START Information shown

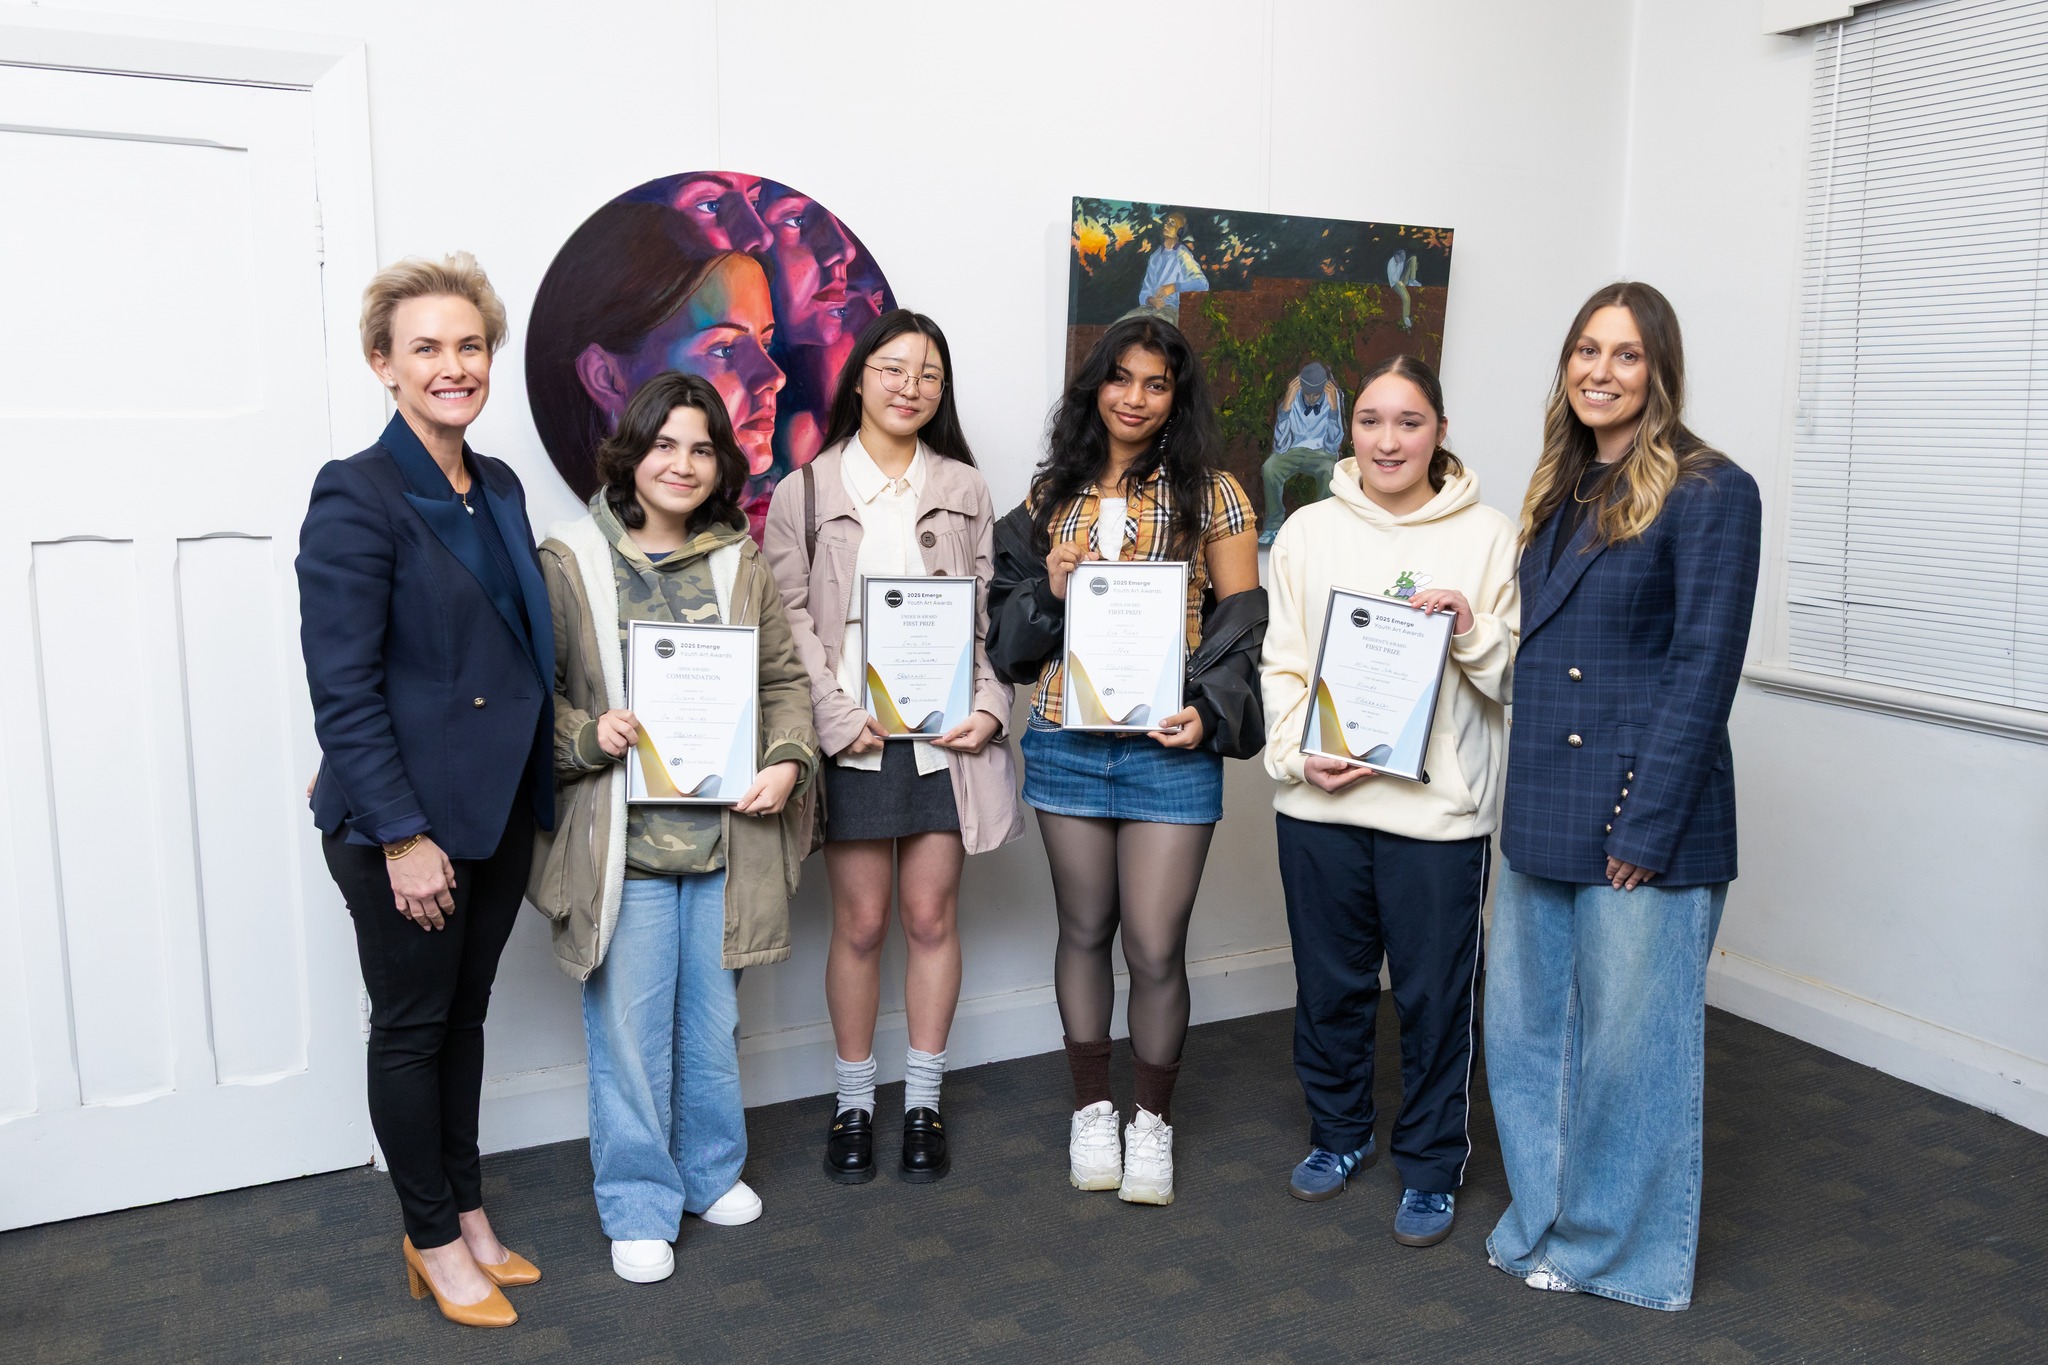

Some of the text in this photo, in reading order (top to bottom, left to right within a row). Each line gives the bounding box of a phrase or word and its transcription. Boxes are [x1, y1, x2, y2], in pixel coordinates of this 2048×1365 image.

[1391, 618, 1414, 627] Emerge
[1374, 623, 1391, 631] Youth
[1402, 629, 1424, 638] Awards
[1365, 643, 1401, 656] FIRST PRIZE
[666, 673, 721, 681] COMMENDATION
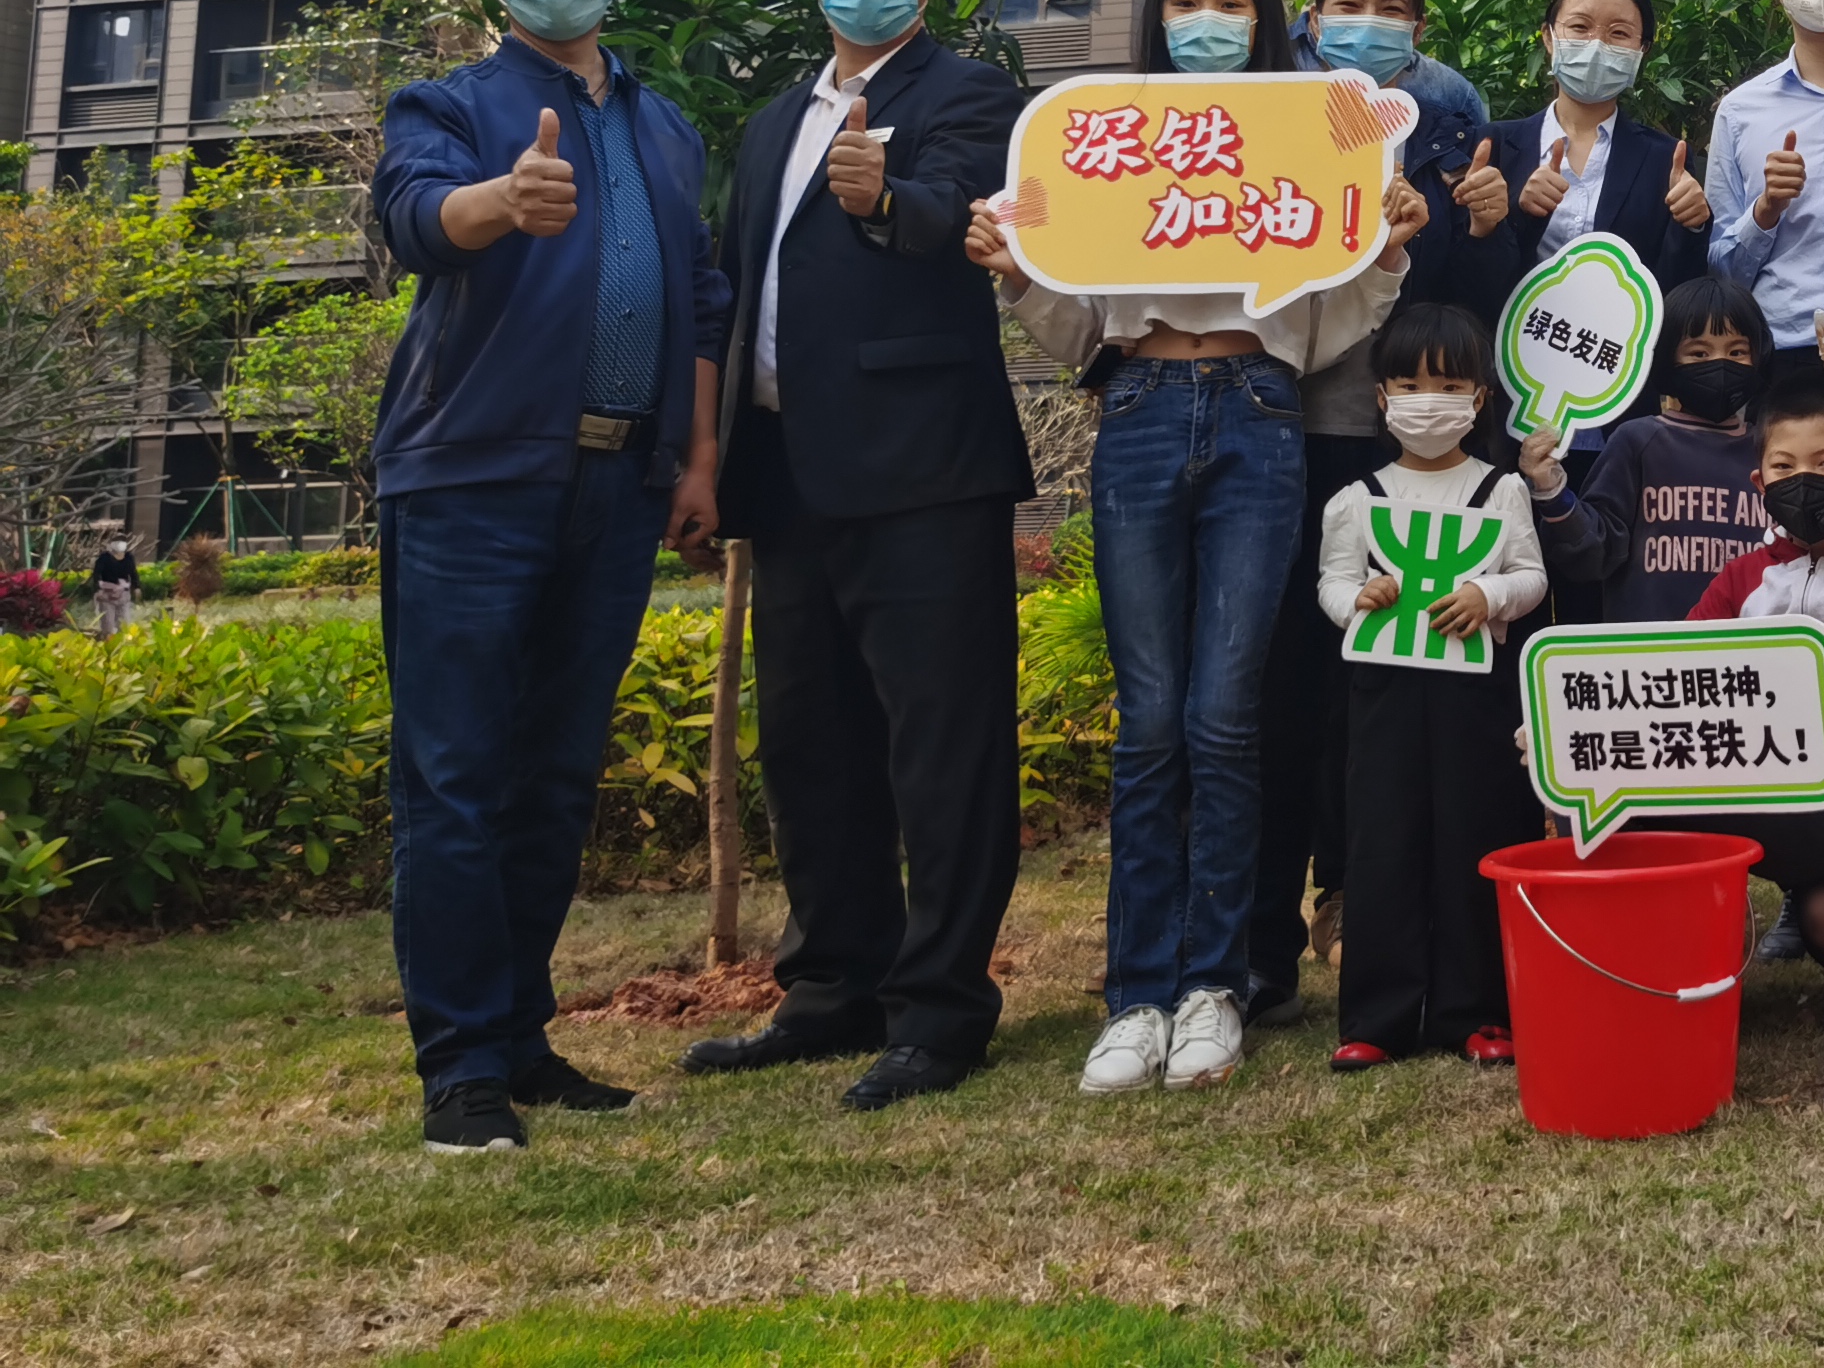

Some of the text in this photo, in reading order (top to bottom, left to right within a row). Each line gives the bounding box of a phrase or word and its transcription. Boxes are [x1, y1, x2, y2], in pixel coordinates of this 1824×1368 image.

[1062, 104, 1244, 182] 深铁
[1523, 307, 1624, 374] 绿色发展
[1643, 485, 1730, 524] COFFEE
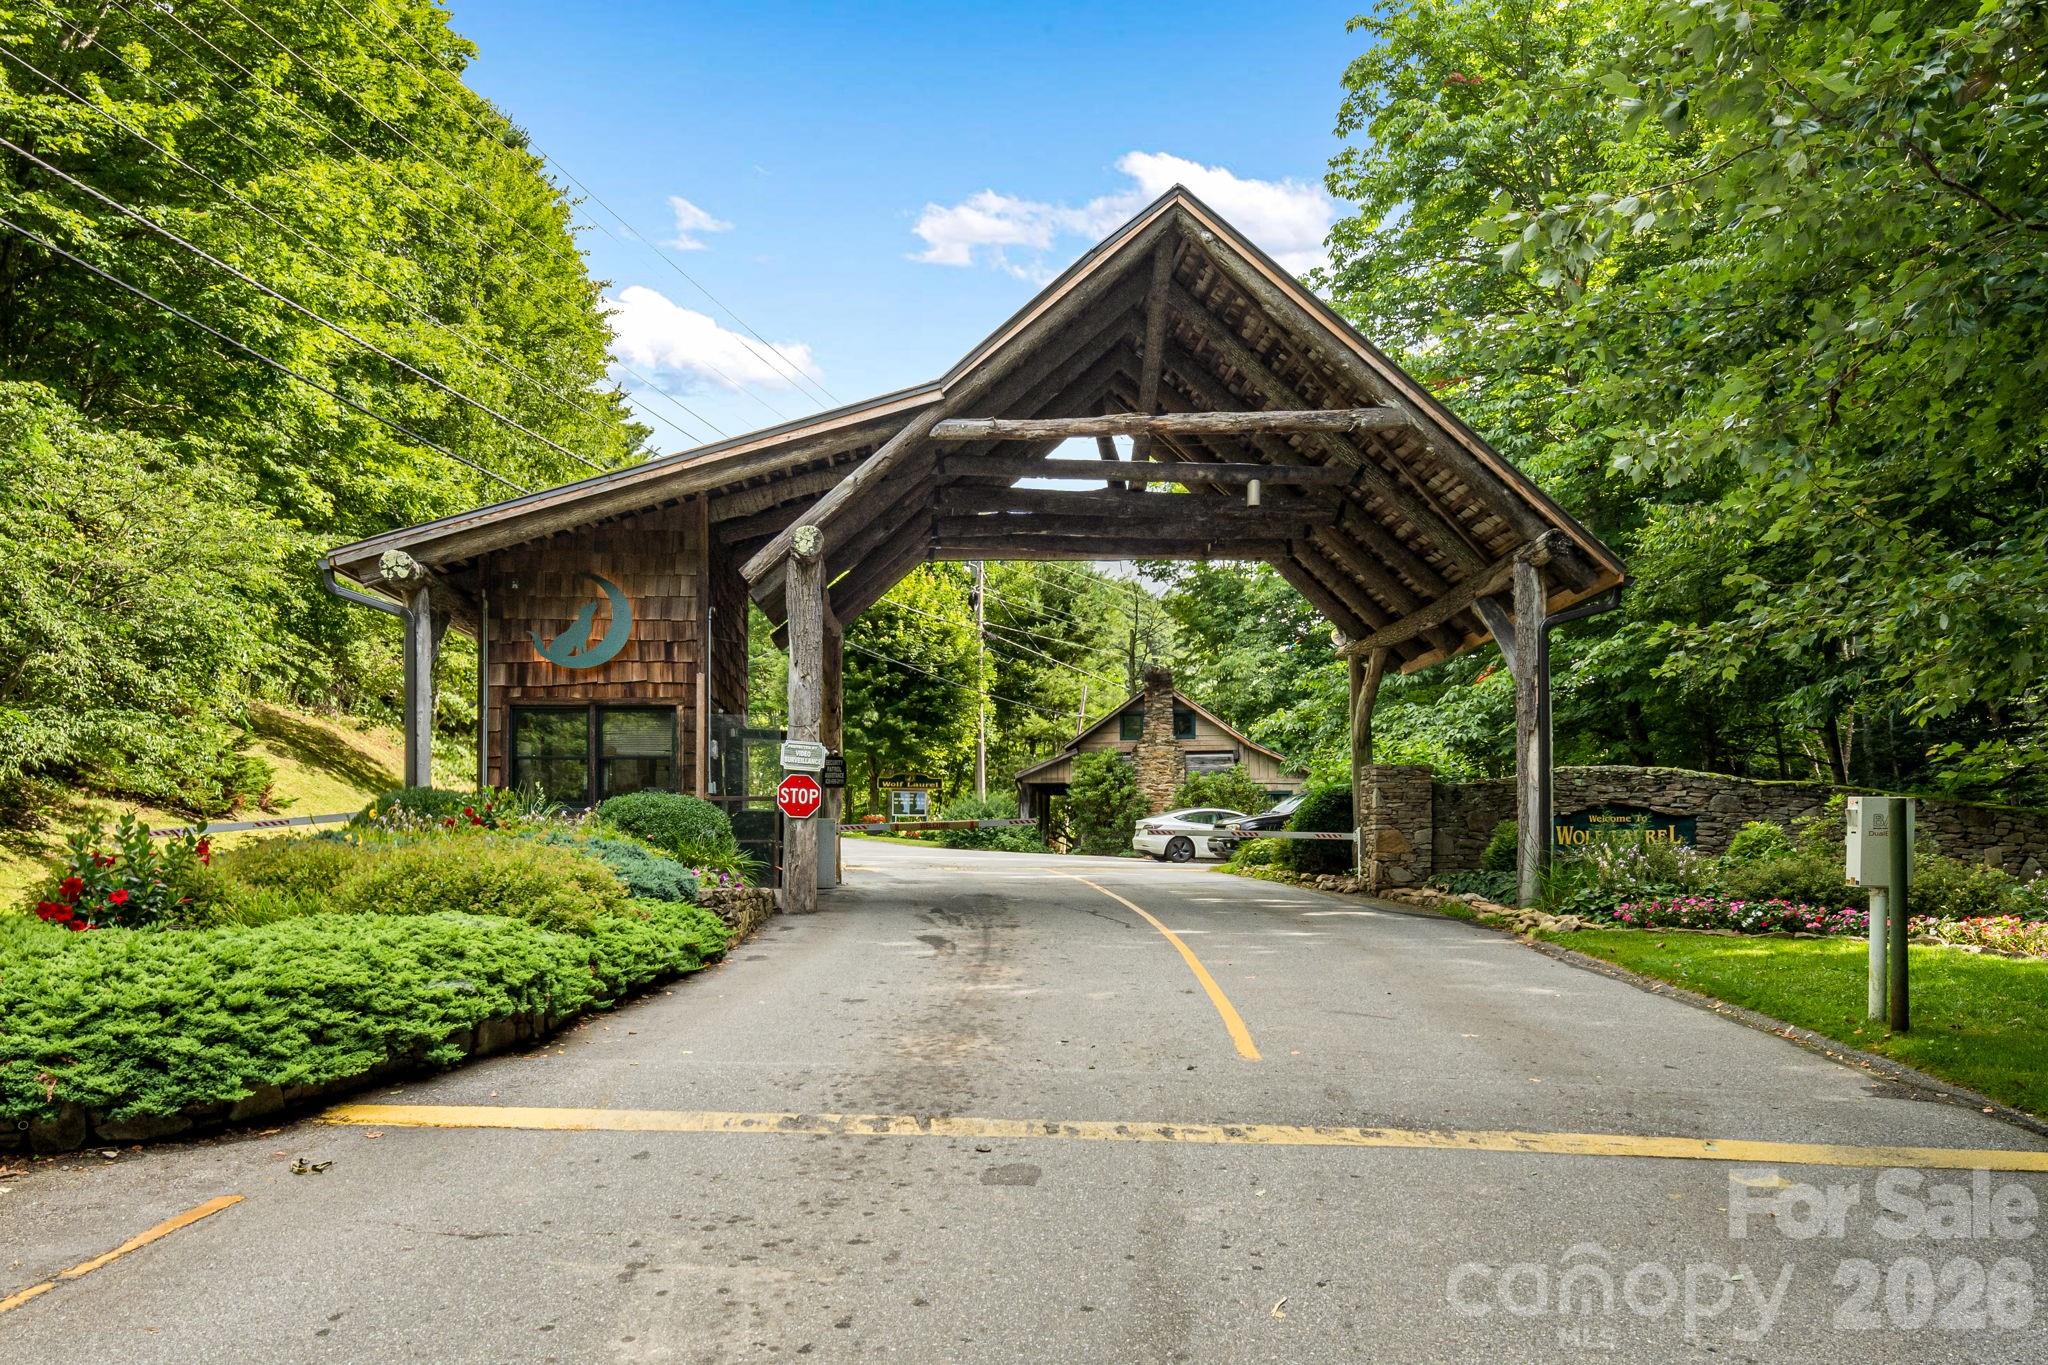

END Information shown

**Your task:** In the answer, the lines from the one containing "this 1824×1368 image." to the end of the records above must be written out exactly, both ends included; the pictures must not appear.

**Expected answer:**
Some of the text in this photo, in reading order (top to bottom, left to right within a row). Each line gives the bounding box of a phrase or word and its transcription. Boxes are [x1, y1, x2, y2], in pixel coordinates of this 1824×1368 image.

[1062, 104, 1244, 182] 深铁
[1523, 307, 1624, 374] 绿色发展
[1643, 485, 1730, 524] COFFEE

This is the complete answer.